Хоронили мы его по-крестьянски: привязали гробив к салазкам и повезли на кладбище. Вот мы и породнились с этим городом, который нас приютил».
Трудно, почти невозможно читать мне все это. Теперь нужно особенно много работать, чтобы как-то справиться с собой.
Вчера в Смольном окончательно решилось, что мы никуда не едем. Не знаю, радоваться ли мне или печалиться. Не судьба ли это моя снова печется обо мне? (Это я пишу шепотом. Такие вещи нельзя вслух). Вероятно, мне всего нужнее сидеть в Ленинграде. Писать эти ближайшие главы поэмы и собирать материал для дальнейших. Правда, осложняется вопрос с Жанной. Но все равно до навигации по Каме (а это будет не раньше мая) – ничего нельзя решить. Итак – надо думать о лете, о ленинградском лете. Сегодня Н. И. поднял вопрос о некоем маленьком домике, на пустыре, здесь же на территории больницы. Там можно было бы развести огород, важнейшая вещь этого лета.
В этом домике жили бы мы с И. Д., Николай Иванович с Аленой и, может быть, наш прелестный «сверчок на печи», она же эльф домашнего очага – Мария Игнатьевна.
Если бы все это так наладилось, да к этому прибавить хоть небольшую уверенность, что нас не убьет бомба или снаряд, да знать, что Жанна не нуждается и не очень тоскует… господи, как бы я работала тогда…

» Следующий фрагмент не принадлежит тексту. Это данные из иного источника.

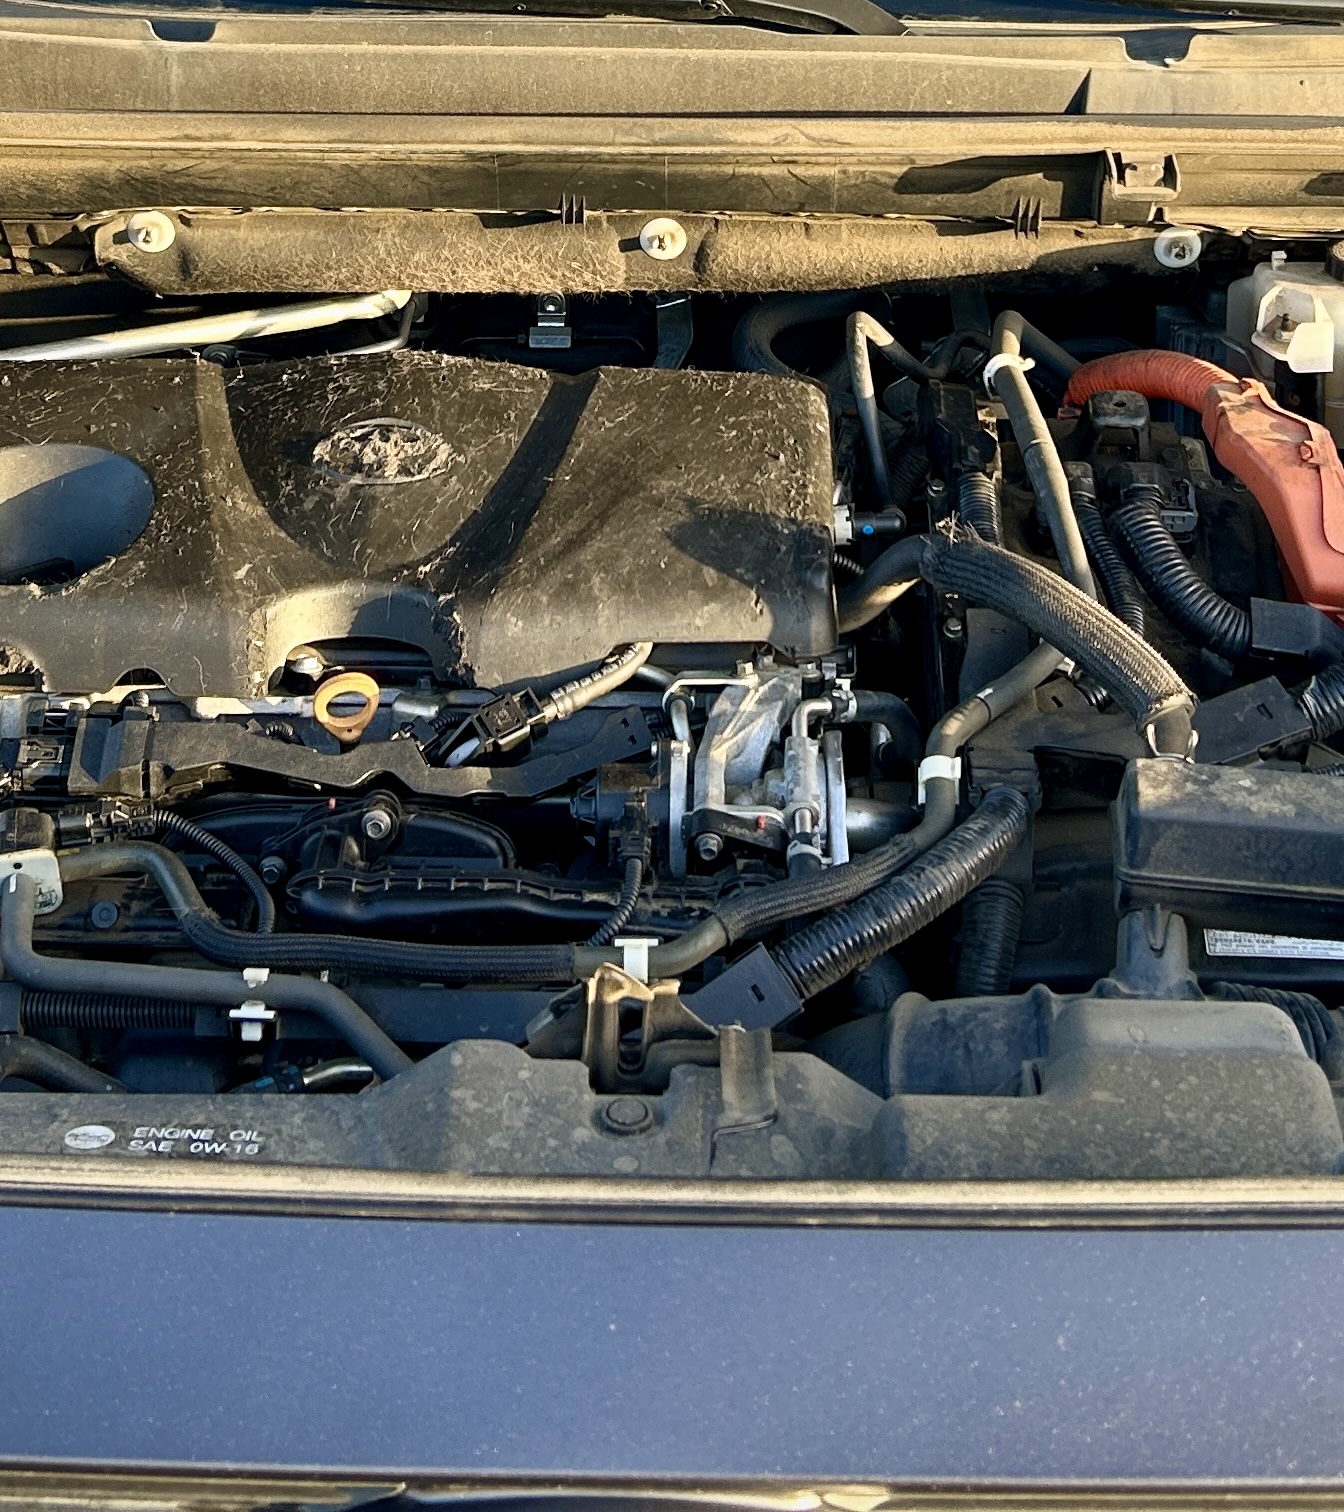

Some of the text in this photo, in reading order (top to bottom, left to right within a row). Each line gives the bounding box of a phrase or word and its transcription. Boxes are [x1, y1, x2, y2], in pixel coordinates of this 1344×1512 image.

[133, 1126, 266, 1142] ENGINE OIL
[127, 1140, 174, 1153] SAE

Во всяком случае, хорошо уже то, что исчезла неопределенность. Думаю, что теперь немного придет в себя и И. Д., от которого, по выражению Н. И., «остался один нос». От меня все же осталось больше. Вчера Мария Игнатьевна взвешивала меня грубо ориентировочно, очень грубо: в бурках, в шубе, во всех одежках и т. д. Я потеряла примерно шесть килограммов.
Сегодня снова мороз в 23°. Завтра окончательно сдаю книгу стихов (она теперь будет называться «Душа Ленинграда»). Завтра же заключу договор и, вероятно, скоро получу деньги. И то добре.
О партизанах написать.
О награждении наших летчиков британскими орденами (раньше было наоборот). Красноармейский оркестр исполняет британский гимн и «Интернационал». О том, как встречаются на одной груди советский и британский ордена.
Надпись на снегу, на берегу Карповки:
(Для главы: Весна-комсомолка.)
Вчера в три часа (ровно минута в минуту) начался артиллерийский обстрел нашей территории. Мы уже не слушали свиста, а сразу удар. К нам упало шесть шестидюймовых снарядов. Два из них повредили одноэтажное здание кухни: влетели через крышу и прошли до подвала, где был наповал убит парнишка-водопроводчик. Другому мальчику, сыну санитара, оторвало ноги.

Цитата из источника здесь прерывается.